[EXERCISE AIM]:
Please copy out the entries exactly, skipping any pictures.

[THE INPUT]:
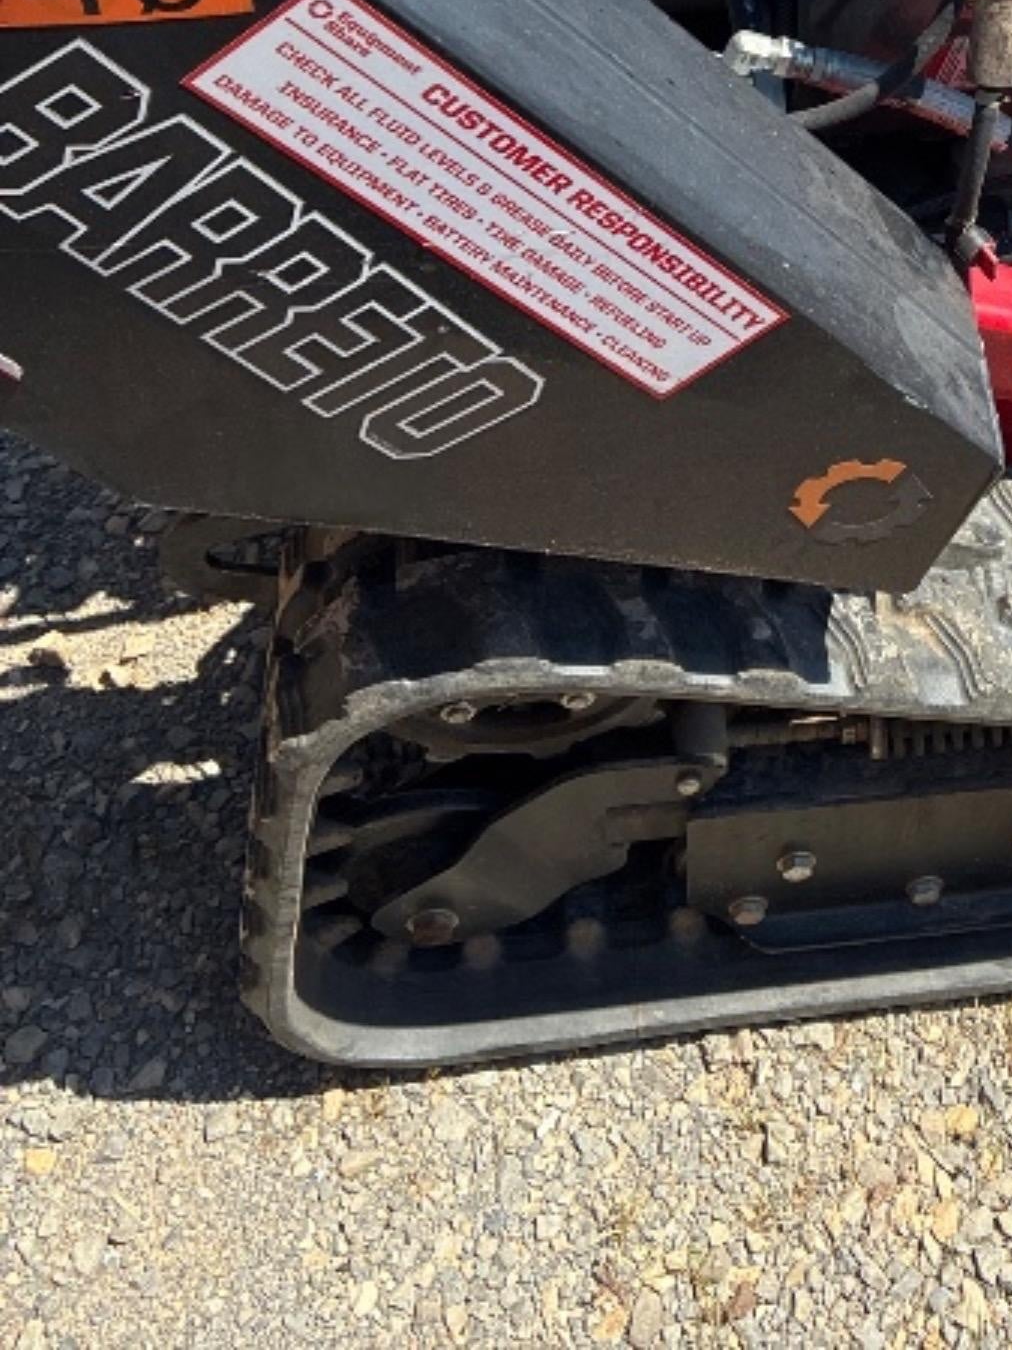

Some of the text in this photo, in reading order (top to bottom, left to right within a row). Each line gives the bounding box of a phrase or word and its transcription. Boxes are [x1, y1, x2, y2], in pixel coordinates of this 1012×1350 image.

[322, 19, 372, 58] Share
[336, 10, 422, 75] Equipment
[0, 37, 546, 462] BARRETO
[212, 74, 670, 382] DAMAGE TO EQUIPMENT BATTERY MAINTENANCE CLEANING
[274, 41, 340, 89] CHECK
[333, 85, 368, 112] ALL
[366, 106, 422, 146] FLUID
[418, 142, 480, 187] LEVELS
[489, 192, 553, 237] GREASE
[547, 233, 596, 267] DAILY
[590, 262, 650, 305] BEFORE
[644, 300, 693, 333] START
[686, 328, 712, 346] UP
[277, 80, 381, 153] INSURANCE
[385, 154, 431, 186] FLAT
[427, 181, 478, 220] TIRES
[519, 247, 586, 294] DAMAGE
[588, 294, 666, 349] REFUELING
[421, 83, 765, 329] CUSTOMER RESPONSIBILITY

[OUTPUT FOR THIS EXERCISE]:
Some of the text in this photo, in reading order (top to bottom, left to right within a row). Each line gives the bounding box of a phrase or word and its transcription. Boxes are [x1, y1, x2, y2], in pixel coordinates of this 1012×1350 image.

[322, 19, 372, 58] Share
[336, 10, 422, 75] Equipment
[0, 37, 546, 462] BARRETO
[212, 74, 670, 382] DAMAGE TO EQUIPMENT BATTERY MAINTENANCE CLEANING
[274, 41, 340, 89] CHECK
[333, 85, 368, 112] ALL
[366, 106, 422, 146] FLUID
[418, 142, 480, 187] LEVELS
[489, 192, 553, 237] GREASE
[547, 233, 596, 267] DAILY
[590, 262, 650, 305] BEFORE
[644, 300, 693, 333] START
[686, 328, 712, 346] UP
[277, 80, 381, 153] INSURANCE
[385, 154, 431, 186] FLAT
[427, 181, 478, 220] TIRES
[519, 247, 586, 294] DAMAGE
[588, 294, 666, 349] REFUELING
[421, 83, 765, 329] CUSTOMER RESPONSIBILITY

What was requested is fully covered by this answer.